CRIMINOSO(S) E CRIME(S) – Cumpre ao Ministério Público Federal (MPF) o indeclinável dever de oferecer, imediatamente, denúncia contra quem presidiu a ANEEL em 2015/2016. O(s) crime(s)? Estelionato ou extorsão. Um dos dois. Ou ambos de uma só vez.

Estelionato, artigo 171 do Código Penal: “Obter, para si ou para outrem, vantagem ilícita, em prejuízo alheio, induzindo ou mantendo alguém em erro, mediante artifício, ardil, ou qualquer outro meio fraudulento“. Pena: reclusão de 1 a 5 anos e multa.

Extorsão, artigo 158 do Código Penal: “Constranger alguém, mediante violência ou grave ameaça, e com o intuito de obter para si ou para outrem indevida vantagem econômica, a fazer, tolerar que se faça ou deixar de fazer alguma coisa“. Pena: reclusão de 4 a 10 anos e multa.

GATUNO E GATUNAGEM  – A ANEEL obteve vantagem ilícita, indevida, de R$1,8 bilhão, em prejuízo da população de consumidores que, ao longo de 2016, foi mantida em erro, através do artifício de embutir nas contas mensais de energia elétrica preço fruto de fraude. E tudo isso feito mediante coação irresistível, que é a grave ameaça implícita, porque se não paga a conta a energia elétrica é cortada, sem dó nem piedade.

Quando alguém faz o chamado “gato” e puxa energia elétrica do outro, o crime é de furto. Para fins penais, energia elétrica é equiparada a bem móvel de valor econômico (Código Penal, artigo 155, parágrafo 3º). A pena é de reclusão de 1 a 4 anos e multa.

Daí a pergunta: e quem cobra do povo por uma energia elétrica que não forneceu, por um serviço que não prestou, por um gasto que não realizou, isso também não é “gatunagem”? É, sim. E com tipificação também clara, específica e própria prevista no Código Penal: Estelionato ou extorsão. Ou ambos os crimes ao mesmo tempo.  Então, senhores integrantes do MPF, vamos entrar em ação logo. Não pode esperar. O povo brasileiro exige. E as promotorias públicas são defensoras da sociedade em geral, quando vítimas de ação governamental criminosa.

RESTITUIÇÃO EM DOBRO – Mas a ANEEL não deve ser levada à Justiça apenas por estelionato. O MPF, por ter legitimidade, também está na obrigação de entrar na Justiça contra a agência para, através de Ação Civil Pública, para pedir a restituição dos R$ 1,8 bilhão que “garfaram” do povo brasileiro. E não apenas R$1,8 bilhão, e sim R$ 3,6 bilhões.
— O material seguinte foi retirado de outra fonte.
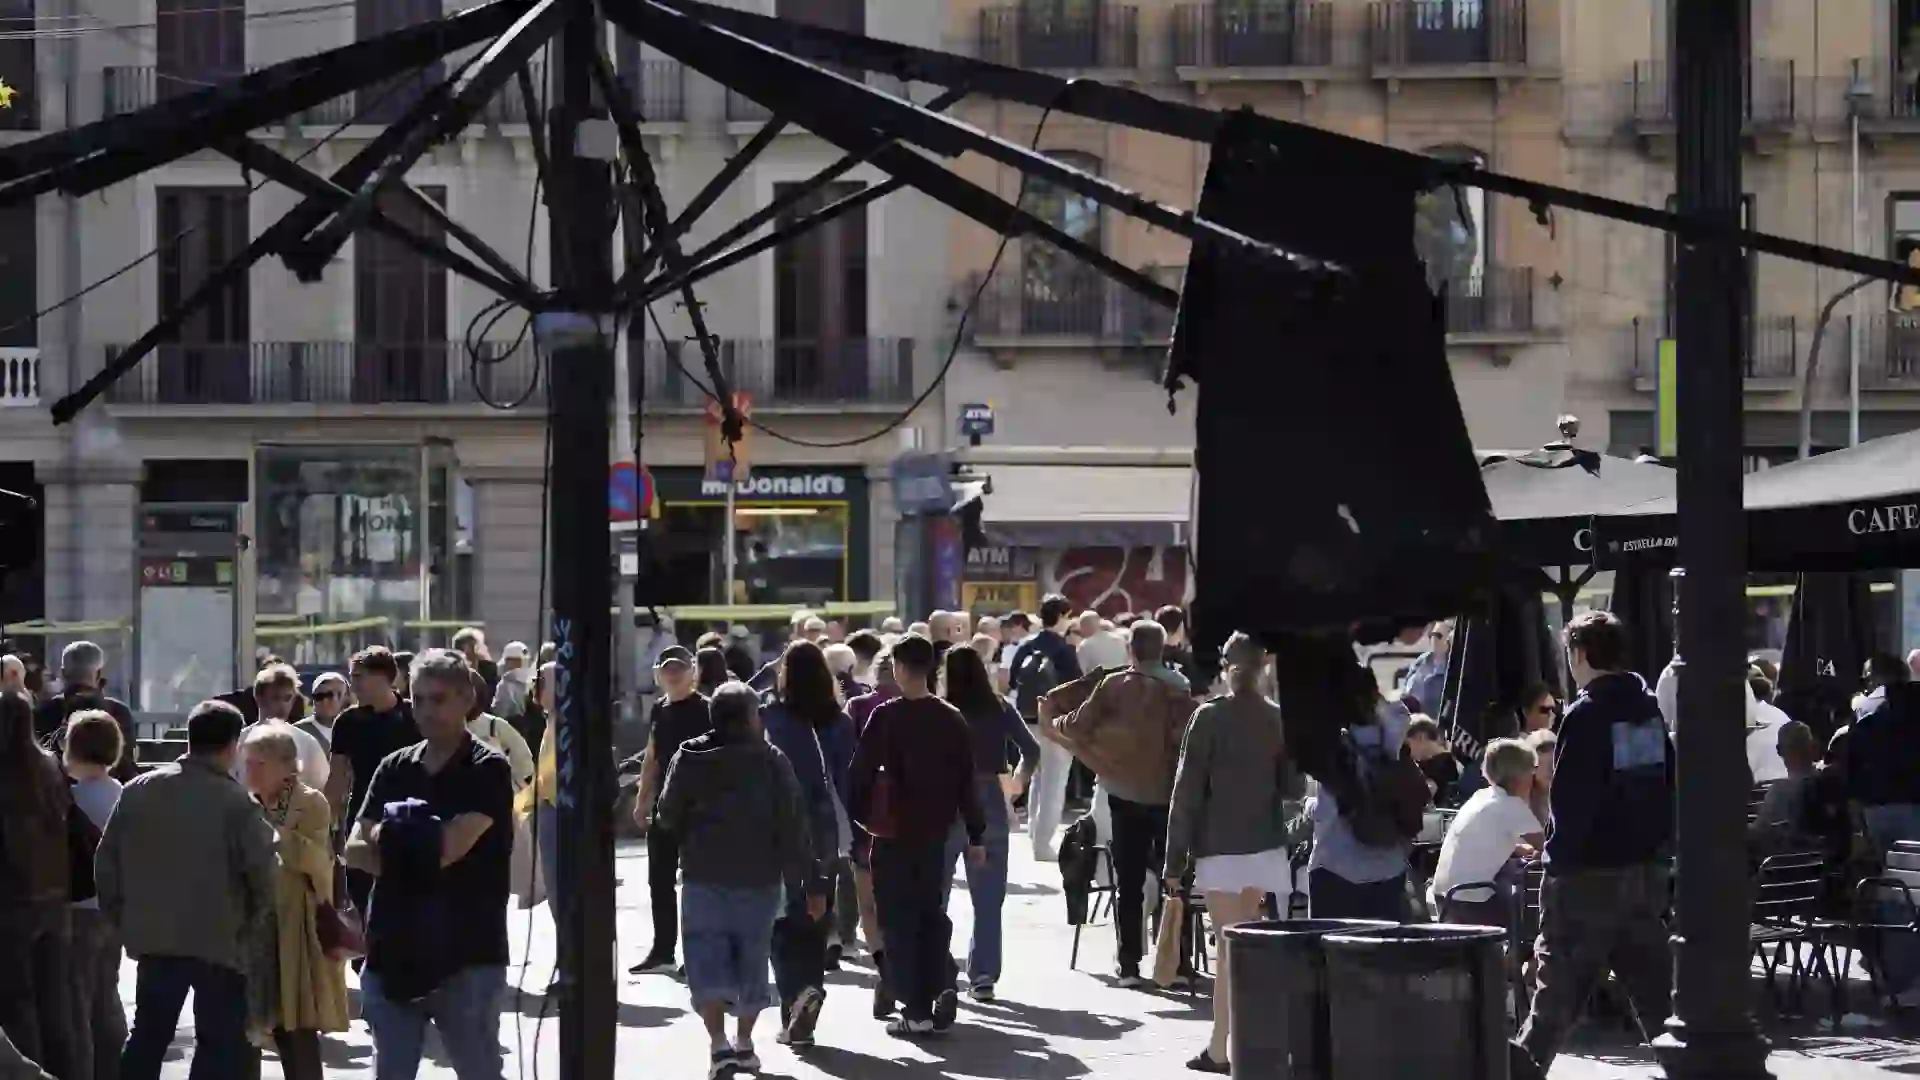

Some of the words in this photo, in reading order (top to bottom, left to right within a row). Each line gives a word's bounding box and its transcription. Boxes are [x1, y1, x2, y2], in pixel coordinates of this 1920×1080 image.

[1848, 504, 1920, 535] CAFE
[1623, 536, 1664, 552] ESTRELLA
[967, 547, 1009, 565] ATM
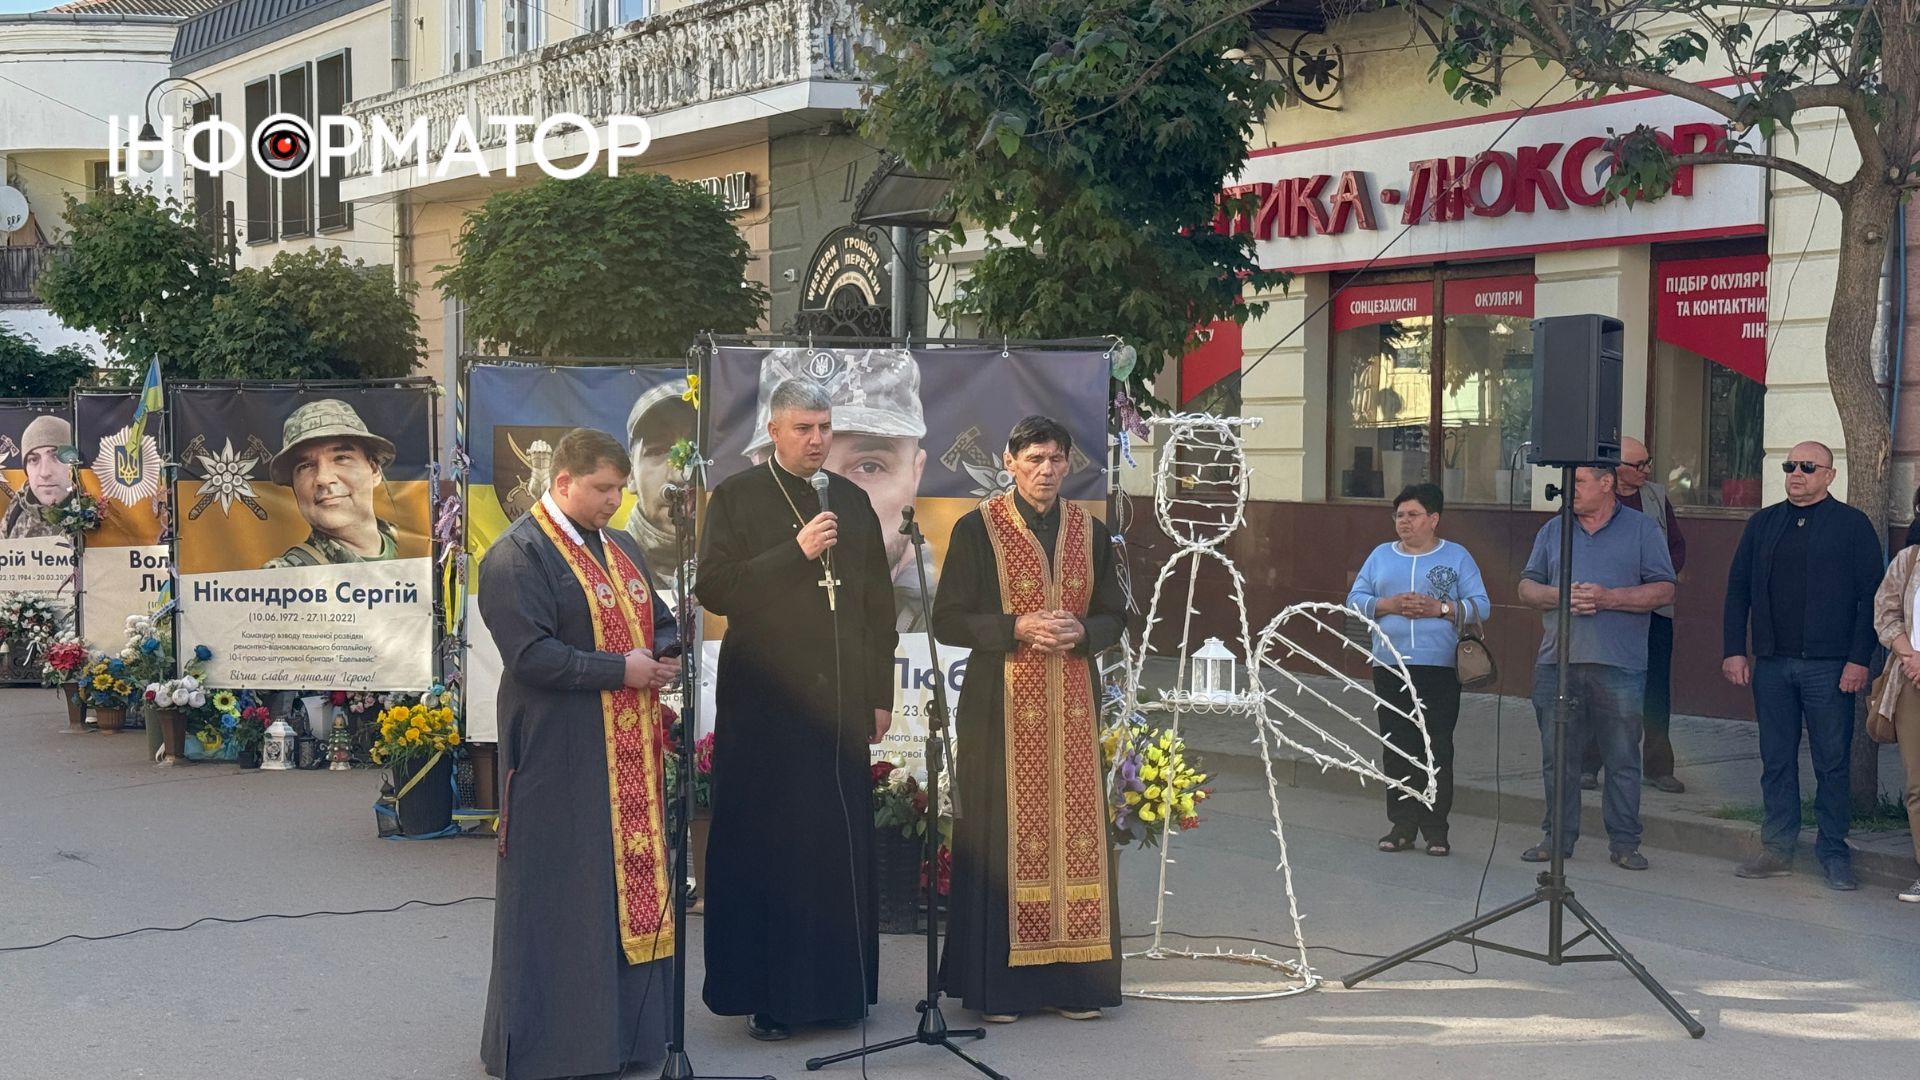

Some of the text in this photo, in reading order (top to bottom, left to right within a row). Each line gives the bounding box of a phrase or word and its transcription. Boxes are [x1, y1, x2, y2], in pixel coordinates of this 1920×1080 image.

Isto porque a restituição (chamada de “ação de repetição do indébito”) precisa ser em dobro, por força do artigo 42, parágrafo únicom do Código de Proteção e Defesa do Consumidor, a conferir:

“O consumidor cobrado em quantia indevida tem direito à repetição do indébito, por valor igual ao dobro do que pagou em excesso, acrescido de correção monetária e juros, salvo hipótese de engano justificável”.

Ora, engano justificável nunca houve. A ANEEL sabia que Angra 3 estava parada. Até o Vice-Almirante Othon Luiz Pinheiro, ex-presidente da Eletronuclear, foi condenado pela Justiça e cumpre pena. Portanto, devolução em dobro, com juros, correção monetária e verba reparatória de, no mínimo um salário-mínimo, por dano moral, tudo em benefício de cada titular de conta de energia elétrica junto às concessionárias que exploram este setor.
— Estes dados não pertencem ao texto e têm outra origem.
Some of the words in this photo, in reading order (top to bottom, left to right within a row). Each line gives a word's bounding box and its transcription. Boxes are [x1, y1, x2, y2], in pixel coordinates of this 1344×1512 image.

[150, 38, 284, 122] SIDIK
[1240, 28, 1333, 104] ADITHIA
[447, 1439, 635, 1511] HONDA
COMO RESTITUIR – Jamais um devedor, pior ainda quando autor de crime, pode estabelecer o valor e a forma para restituir o que deve de indenização às vítimas, como quer a Aneel, isto é, restituir a prazo e a perder de vista. Segundo a agência, “os consumidores não sofrerão nenhum prejuízo pois serão ressarcidos em 2017”.

Não. Não é assim. O que a lei determina é a duplicação do valor, o acréscimo de juros e correção monetária, e uma verba a título de dano moral. Apurado o valor global, basta rateá-lo pela quantidade de consumidores cadastrados nas concessionárias, cumprindo à ANEEL depositar o valor a crédito do CPF, CNPJ ou do nome de cada titular da conta, no Banco do Brasil ou na Caixa Econômica Federal.
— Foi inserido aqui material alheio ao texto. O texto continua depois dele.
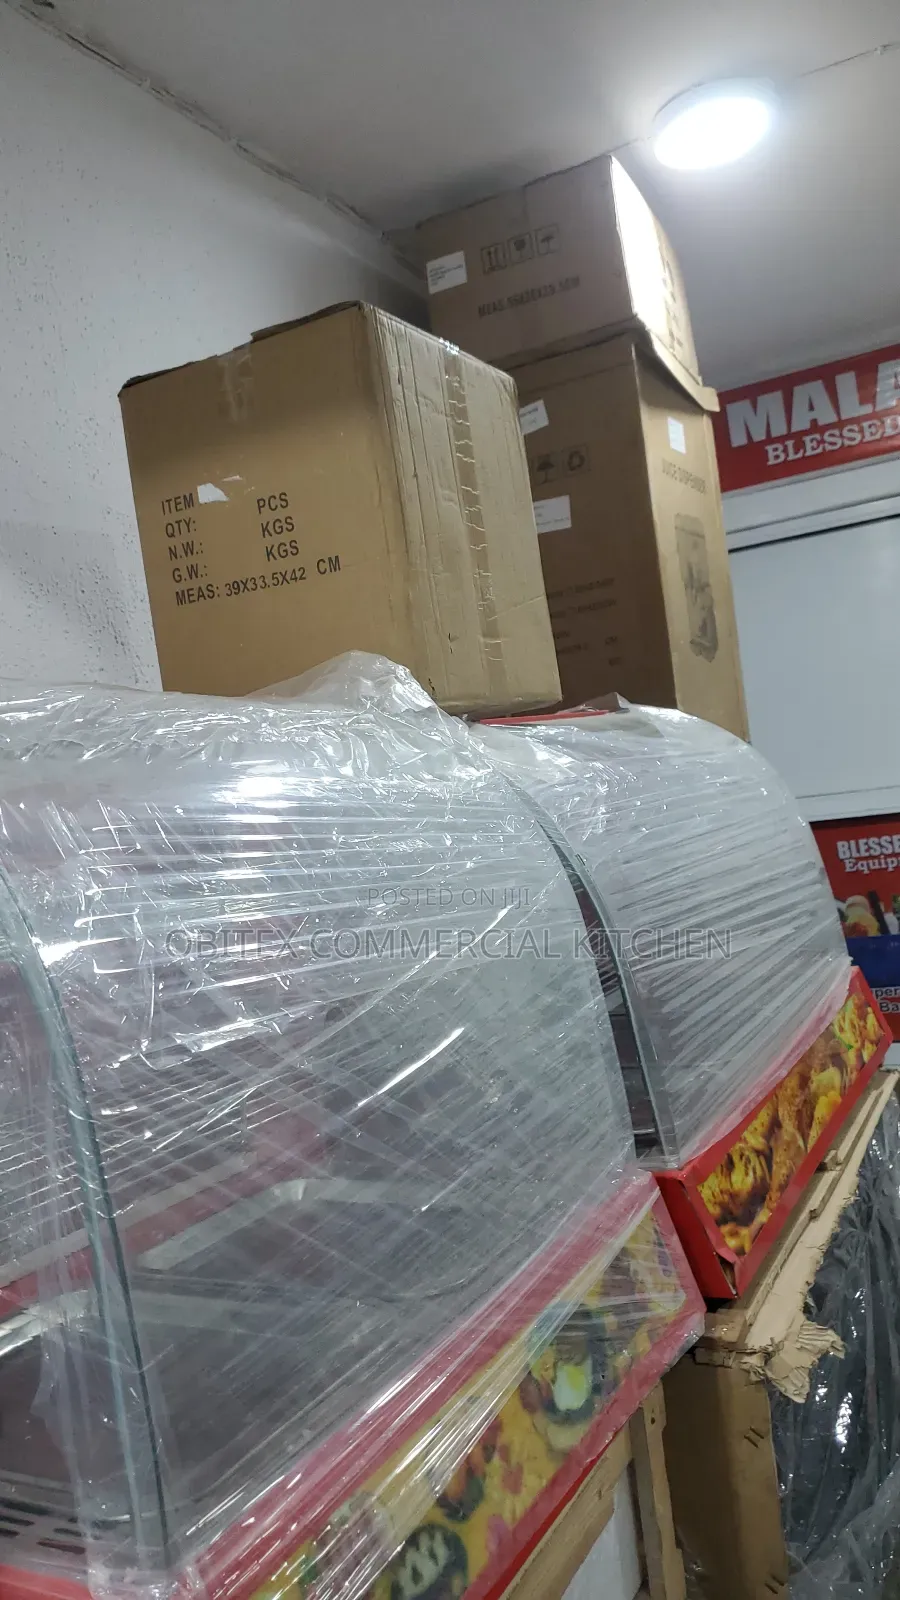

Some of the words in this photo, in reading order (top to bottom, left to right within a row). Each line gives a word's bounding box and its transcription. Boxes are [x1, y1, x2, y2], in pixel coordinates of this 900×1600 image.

[765, 415, 900, 466] BLESSED
[161, 493, 194, 516] ITEM
[165, 517, 197, 538] QTY:
[257, 492, 289, 514] PCS
[168, 540, 204, 561] N.W.:
[261, 516, 295, 538] KGS
[172, 563, 208, 583] G.W.:
[265, 540, 300, 562] KGS
[175, 585, 220, 606] MEAS:
[225, 566, 307, 597] 39X33.5X42
[316, 555, 341, 575] CM
E fazer anúncio público dos depósitos, na mesma intensidade que estão fazendo agora para o levantamento do FGTS, para que as vítimas compareçam aos bancos e recebam o dinheiro da indenização. Nada é difícil. Tudo é possível e fácil. O governo brasileiro precisa respeitar seu povo. Jamais iludi-lo e roubá-lo. Temos direitos e dignidade. Não somos “babacas”, como gritou ontem o enfurecido vizinho. E ainda temos juízes neste país.